In the manufacture of the multifilament of the present invention, the realization of the desired degree of irregularity and hollowness of the fiber cross-section also depends on the single yarn fineness of the multifilament, but it is better to set up a device under the spinning head to keep the ambient temperature at a high temperature. The slow cooling zone fully promotes the relaxation of the orientation of the polymer, and then solidifies rapidly in the cooling zone to fix the cross-sectional shape of the fiber.

In the production of the multifilament yarn of the present invention, it is important that the cooling device 3 cools the single yarns uniformly one by one and uses an annular cooling device for cooling. If the method is exemplified, either an annular cooling device (RIQ) that blows cooling rectified air from the outer peripheral side toward the center, or an annular cooling device (ROQ) that blows cooling rectified air from the center toward the outer peripheral side is used. By using an annular cooling device, the CV% of the degree of irregularity can be controlled to less than 2%, especially when the single yarn fineness is relatively fine. In the case of a single-flow cooling device that blows out cooling rectified air from one direction, the CV% of the degree of irregularity increases due to a difference in cooling between the single yarn on the front side of the blowing outlet and the single yarn on the inner side.

In order to achieve the desired deformation degree and hollow ratio of the fiber cross-section in the present invention, it is preferable to make the solidification point of the polymer closer to the position after ejection. The reason is that the elastic force acting on the polymer is directed toward the outside and acts in the direction that minimizes the surface area (surface tension), so the working time of the surface tension is shortened. That is, it is preferable that the polymer that comes out from the lower surface of the heating cylinder 2 and enters the cooling area has its solidification point as close to the upper end of the cooling area as possible.

Therefore, it is preferable that the vertical distance LS from the lower surface of the spinning head 1 to the upper end of the cooling air blowing part of the cooling device 3 (hereinafter referred to as the cooling start distance LS) is 20 mm to 100 mm. By setting the cooling start distance LS to 20 mm or more, polymer ejection defects caused by cooling of the spinning head surface can be suppressed, and the CV% of the irregularity degree can be suppressed. Furthermore, by setting the cooling start distance LS to 100 mm or less, the polymer is solidified before the cross section approaches a circle due to surface tension, thereby achieving the desired irregularity and hollowness of the fiber cross section.

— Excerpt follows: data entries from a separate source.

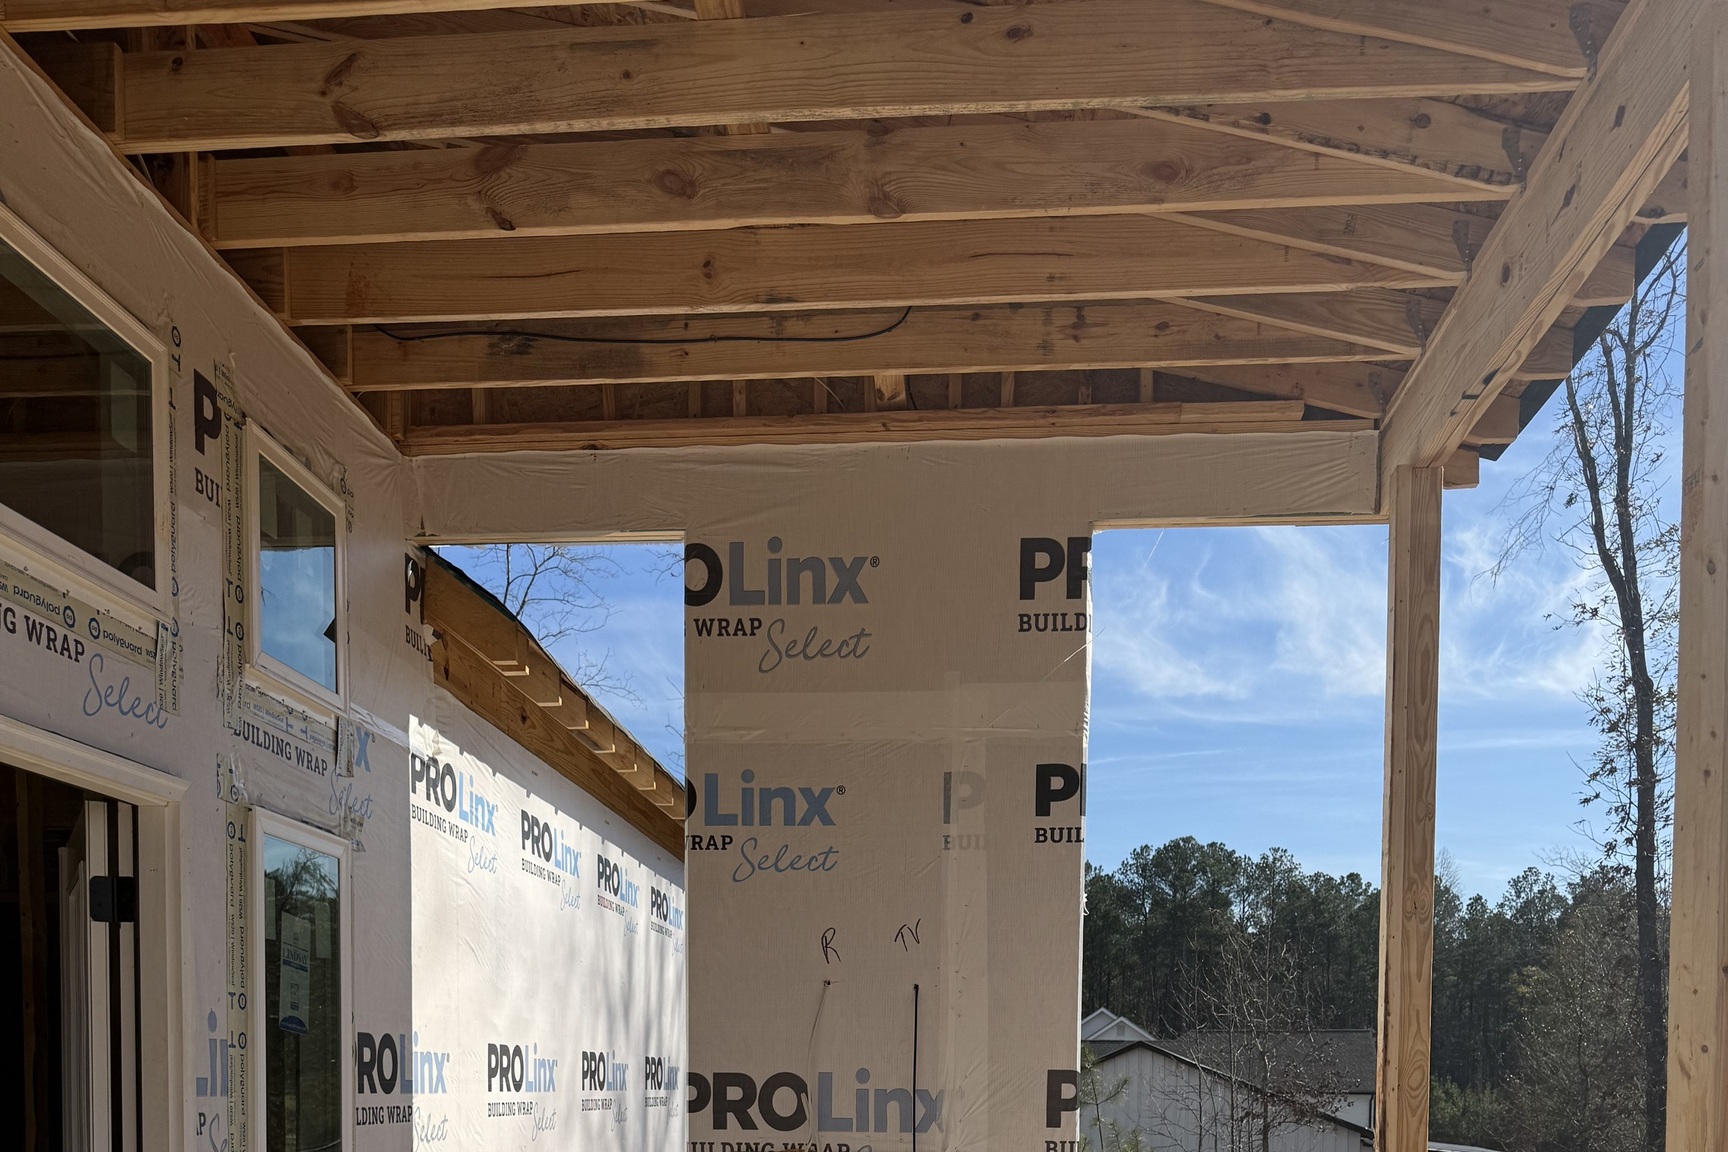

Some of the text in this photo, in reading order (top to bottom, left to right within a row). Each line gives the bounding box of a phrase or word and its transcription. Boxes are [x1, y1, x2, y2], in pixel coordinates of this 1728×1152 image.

[24, 614, 86, 663] WRAP
[103, 630, 143, 655] polyguard
[694, 618, 763, 638] WRAP
[758, 618, 873, 674] Select
[234, 720, 292, 761] UILDING
[295, 746, 328, 777] WRAP
[411, 804, 469, 843] BUILDING WRAP
[468, 835, 498, 874] Select
[685, 835, 734, 851] RAP
[732, 837, 839, 883] Select
[521, 858, 561, 887] BUILDING WRAP
[560, 879, 580, 911] Select
[387, 1105, 413, 1124] WRAP
[488, 1101, 533, 1117] BUILDING WRAP
[532, 1101, 557, 1142] Select

The spinning bobbin 4 is provided for the multifilament yarn so that the downward air flow generated from the annular cooling device and the moving yarn group is uniformly imparted to the multifilament yarn. The vertical length Lb of the spinning bobbin 4 (hereinafter referred to as the spinning bobbin length Lb) also depends on the total fineness, but is preferably greater than 200 mm. By making the spinning bobbin length Lb greater than 200 mm, the downward airflow generated by the moving yarns is stabilized, and the uneven solidification point caused by the shaking of the moving yarns can be suppressed, and the CV% of the degree of irregularity can be suppressed.

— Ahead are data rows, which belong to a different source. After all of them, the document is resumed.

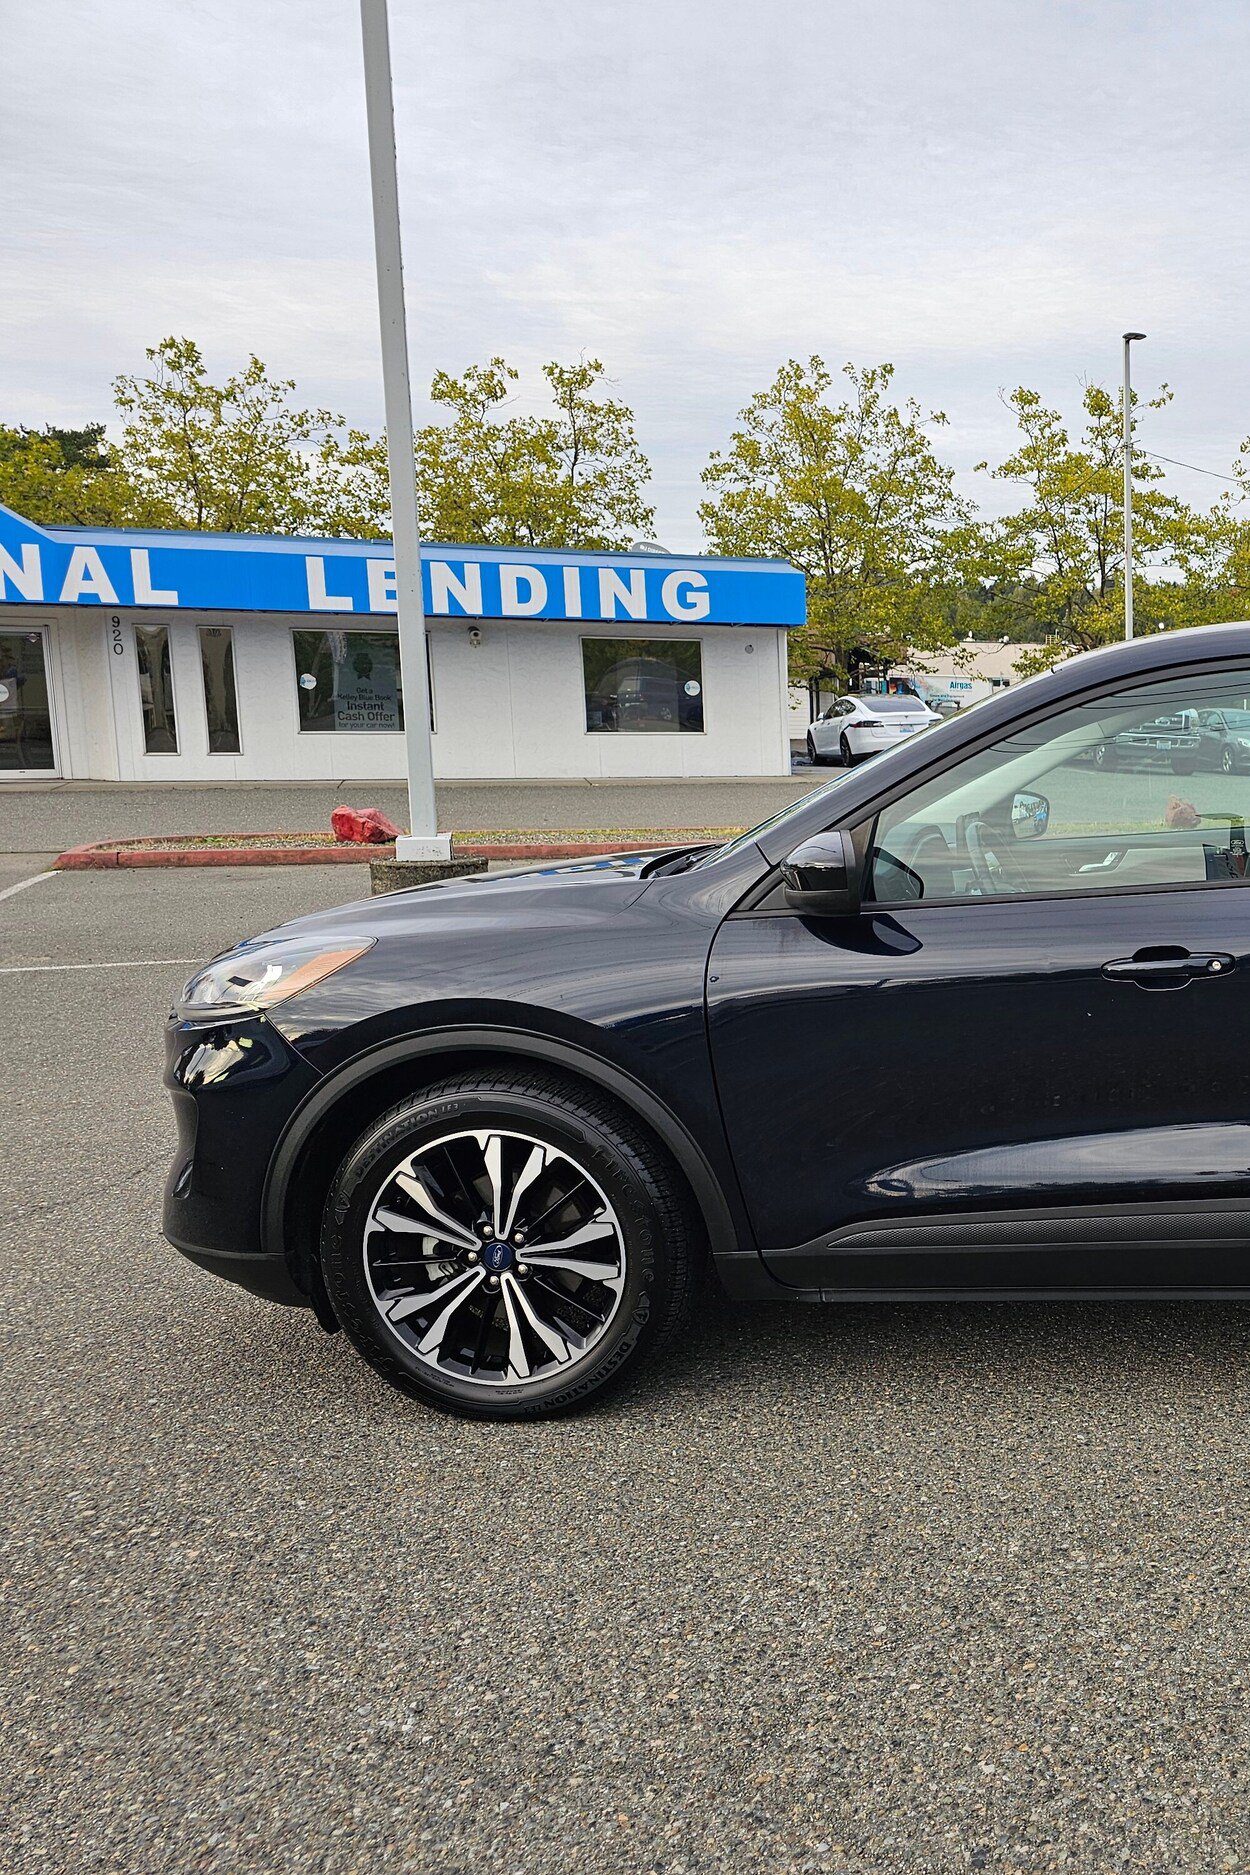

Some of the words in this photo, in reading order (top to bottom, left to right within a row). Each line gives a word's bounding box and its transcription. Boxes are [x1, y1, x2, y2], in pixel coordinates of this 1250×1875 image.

[0, 542, 179, 606] NAL
[305, 556, 710, 621] LENDING
[112, 615, 124, 655] 920
[338, 693, 357, 701] Kelley
[949, 681, 973, 690] Airgas
[337, 711, 365, 721] Cash
[367, 711, 395, 721] Offer
[347, 701, 385, 711] Instant
[355, 1108, 438, 1177] DESTINATION
[544, 1340, 632, 1409] DESTINATION

Furthermore, it is preferable that the spinning bobbin 4 is disposed between the lower position of the cooling device 3 and 1800 mm in the downstream direction. It is particularly preferred that the upper end of the spinning bobbin is disposed directly below the cooling device.

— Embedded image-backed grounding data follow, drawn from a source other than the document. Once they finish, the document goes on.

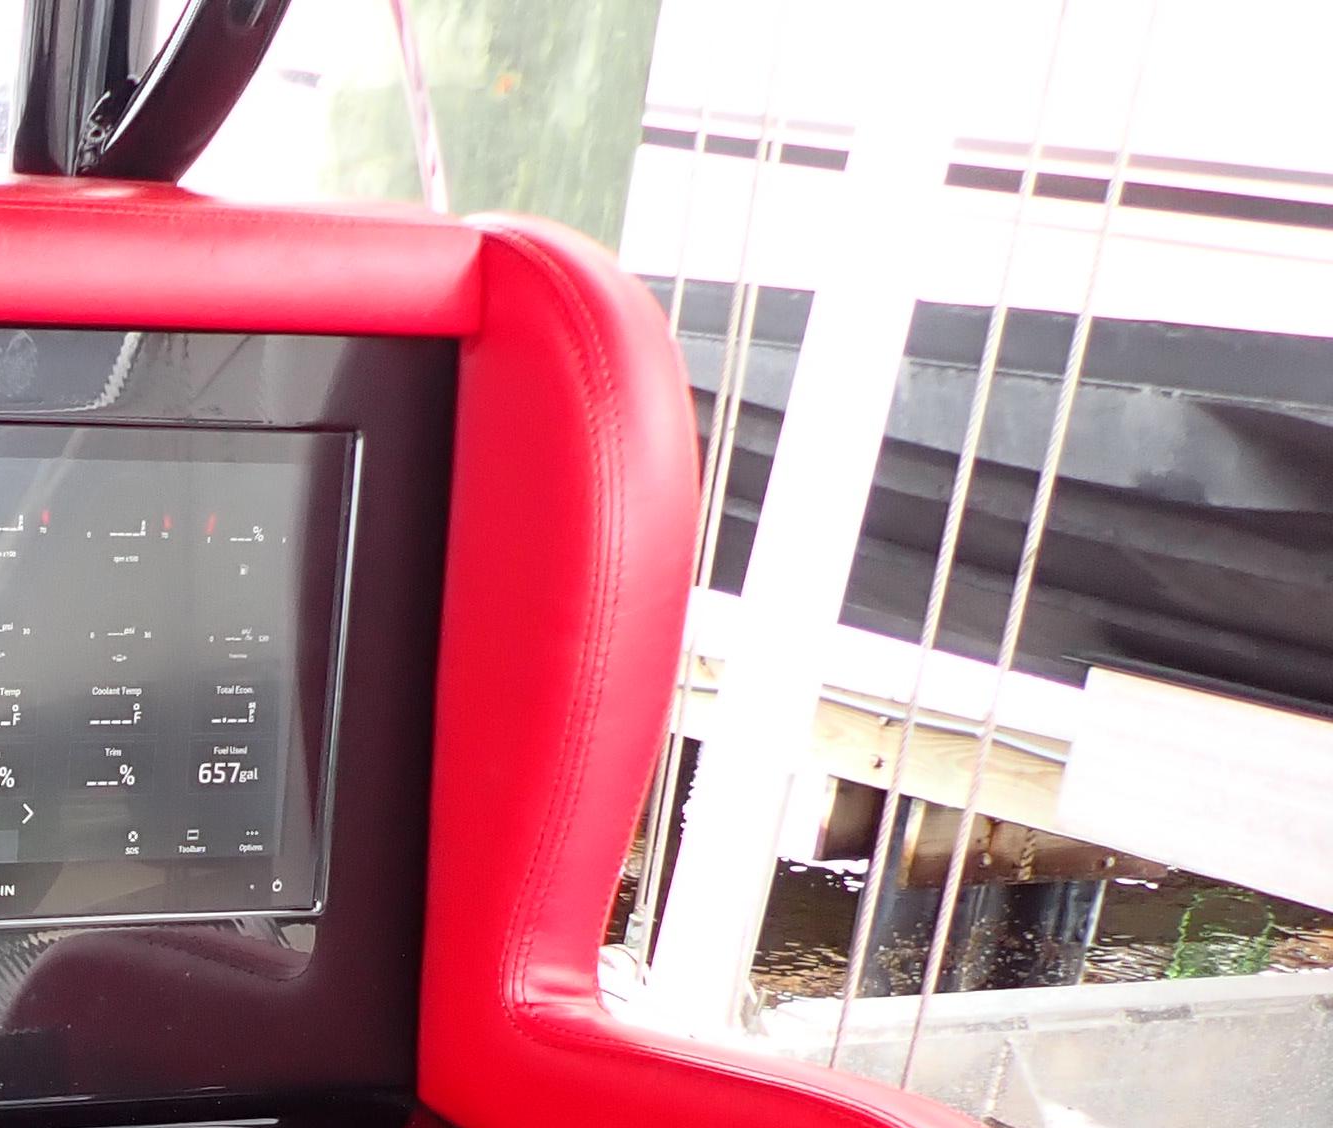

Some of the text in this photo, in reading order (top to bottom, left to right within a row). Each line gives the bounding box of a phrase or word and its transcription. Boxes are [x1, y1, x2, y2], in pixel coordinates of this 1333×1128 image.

[0, 687, 21, 698] Temp
[92, 686, 142, 697] Coolant Temp
[216, 685, 234, 694] Total
[105, 748, 122, 757] Trim
[213, 745, 248, 755] Fuel Used
[198, 762, 240, 783] 657

Furthermore, as an effective method to bring the solidification point closer to the upstream side, it is preferable to increase the cooling wind speed, and the cooling wind speed at the lower end surface of the cooling area is preferably in the range of 0.40 m/sec to 0.60 m/sec. By setting the cooling wind speed to 0.40 m/s or more, the heat exchange speed of the polymer becomes faster, and the solidification point is closer to the upper end surface of the cooling area, so the desired deformation and hollowness of the fiber cross-section can be achieved. On the other hand, from the viewpoint of operability, the cooling wind speed is preferably 0.60 m/second or less.

Similarly, the cooling air temperature in the cooling area is also an important factor in heat exchange, and the cooling air temperature is preferably 20°C or lower. By keeping the cooling air temperature below 20°C, the heat exchange speed of the polymer is accelerated, and the solidification point is close to the upper end surface of the cooling area, so the desired degree of special shape and hollow ratio can be achieved. [Example]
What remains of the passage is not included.